Lawmakers Call For Review of Rangoon’s New Bus System

By Moe Myint 6 April 2017

RANGOON — Lawmakers in Rangoon’s divisional parliament called for a transparent review of the city’s new public transit system Yangon Bus Service (YBS) on Wednesday, which was introduced four months ago amid criticism of insufficient public consultation and being ill-equipped to serve commuters.

Legislator U Wai Phyo Han of Insein Township submitted a proposal to the divisional parliament asking Rangoon Chief Minister U Phyo Min Thein to explain how the YBS has resolved the problems that plagued the old system—known as Ma Hta Tha—such as the misconduct of bus staff and constant violation of traffic rules.

The chief minister, however, was not present for the session after leaving Parliament after lunch. U Wai Phyo Han noted the absence of U Phyo Min Thein, who underwent successful heart surgery at Yankin Children’s Hospital in early March, before querying the chief minister’s claim that the bus system would be refreshed.

“It’s merely changing the Ma Hta Tha uniform to a YBS suit,” he said. “The problems are still unresolved on the ground.”

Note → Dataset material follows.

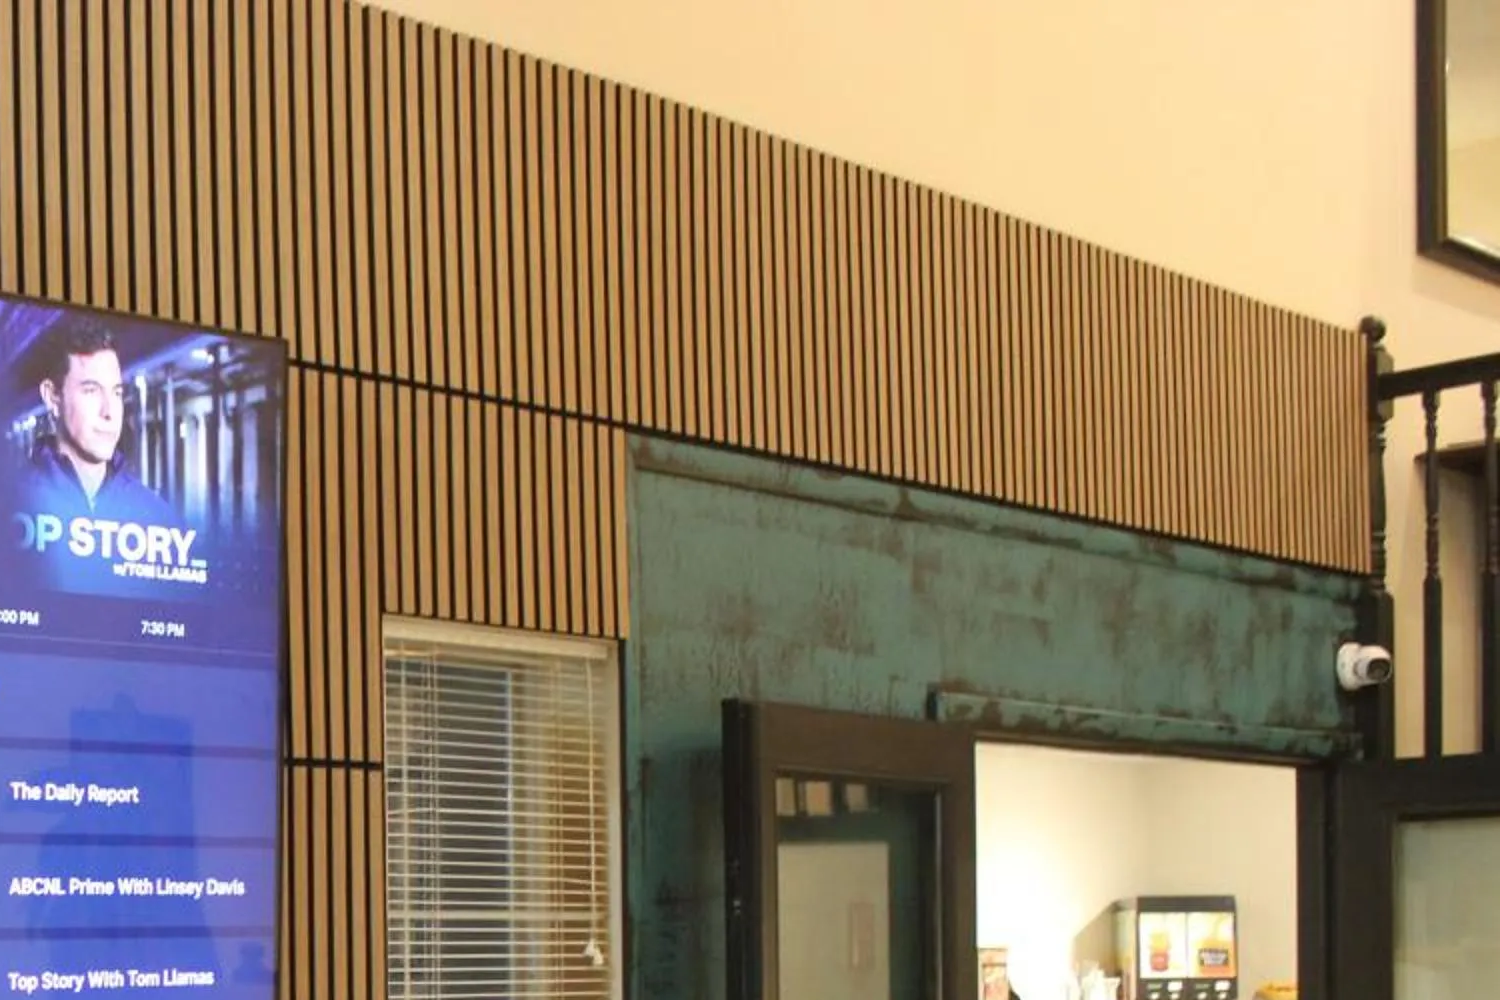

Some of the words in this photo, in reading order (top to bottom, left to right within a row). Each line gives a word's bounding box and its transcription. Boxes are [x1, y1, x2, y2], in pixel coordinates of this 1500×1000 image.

Although the new system seemed promising, said the lawmaker, it has failed to meet the public’s expectations. He added that the regional government adopted the YBS without holding proper public consultation or receiving stakeholders’ opinions.

“The situation of the public and the YBS is similar to a woman being forced to marry a man without loving him,” he said.

Lawmaker Daw Thida Maw supported the proposal, admitting that the regional legislators were unaware of the Yangon Region Transport Authority (YRTA)’s budget management and operational procedures.

The divisional minister for electricity, industry and transportation, Daw Nilar Kyaw, suggested continuing the debate when the chief minister was present, to which a majority of divisional lawmakers agreed.

The chief minister abolished Ma Hta Tha, formally known as the Yangon Supervisory Committee for Motor Vehicles, and replaced it with YRTA, a board of 16 members—some of whom served on the Ma Hta Tha committee.

YRTA members should focus more on implementing practical solutions, said U Wai Phyo Han, or should be replaced with suitable experts.

Rangoon lawmakers were informed of the new system one week before the YBS began its operations in January this year. They were told the regional government would run 58 bus lines but it began with 61 lines and has now expanded to nearly 80 lines.

The public was frustrated with a lack of legal action against aggressive driving, said U Wai Phyo Han. A group of lawmakers collaborated to help alleviate problems with the YBS’s introduction, which, according to commuters, included a shortage of buses late in the evenings and overcrowding.

U Wai Phyo Han said the YBS was the same as the old system, with reckless drivers and long waits at bus stops. He said the regional government should have enacted laws to use against companies that broke YRTA regulations before the YBS began its operations.

Adding that the government had yet to launch a complaint center for the YBS, he warned that reckless driving would continue unless these areas were developed. Lawmakers called for transparency because YRTA has formed eight public companies to handle the entire bus service for Rangoon but has not yet released the companies’ information.

After the parliamentary session, lawmaker Daw Kyipyar of Kyauktada Township posted on Facebook that legislators had been trying to submit this proposal for two months and about 30 lawmakers would debate the new bus service late this month.

In late January, Rangoon Chief Minister U Phyo Min Thein instructed all YBS operators to keep their buses on the roads until 10 p.m. every night but some drivers reportedly returned early. To address a bus shortage, the government also stated in January that it would import more than 1,000 additional buses.

About 2.6 million Rangoon residents rely on bus services, according to a 2014 survey on public transportation conducted by the Japan International Cooperation Agency.